But drop the clutching-at-straws "cis" designation (as if there is ANY woman out there who will say she's never discriminated against because of how she doesn't fit the gender norm) and instead claim commonality with a working class, terrified-of-queers housewife by pointing out how she's considered "not a normal woman" because she wears too much make-up and trashy clothes, and you've forged an alliance that would make Dick Cheney shit in his pants.

(Self-Portrait by JEB in Dyke, Virginia, 1975 © Joan E. Biren, from Eye to Eye Portraits of Lesbians)

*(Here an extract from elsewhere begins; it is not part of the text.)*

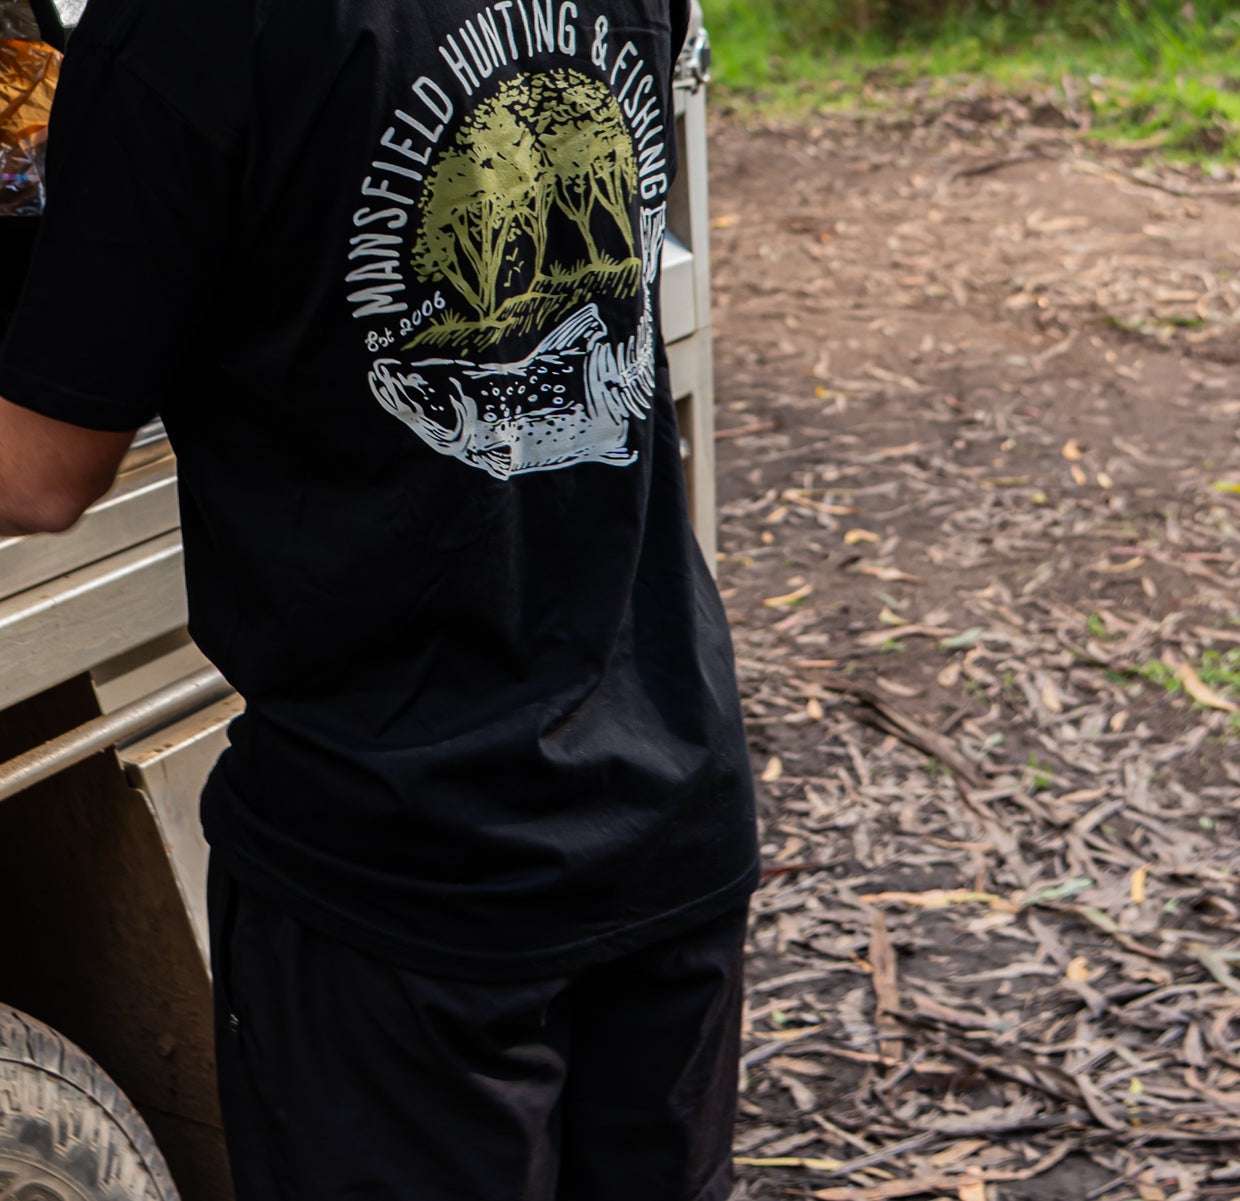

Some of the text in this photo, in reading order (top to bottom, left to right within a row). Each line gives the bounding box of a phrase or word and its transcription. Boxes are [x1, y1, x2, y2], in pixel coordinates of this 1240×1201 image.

[345, 76, 453, 318] MANSFIELD
[591, 15, 608, 71] &
[611, 41, 667, 200] FISHING
[400, 290, 446, 336] 2006

In 1979, Joan E. Biren (JEB) toured women's communities in the U.S. with a slide show containing the work of several lesbian photographers from the past. She was promoting the theory that we could recognize lesbians of any era or class by three often subtle identifiers: The Look, The Stance, The Clothes. At that time, our definition of "lesbian" would be more or less identical to at least one definition of "transgender" today. I saw her slideshow three times, because it raised questions in me I found exhilirating, about the ability of humans throughout time to step outside the boxes of oppression and find another means of expression -- and, beyond that, community.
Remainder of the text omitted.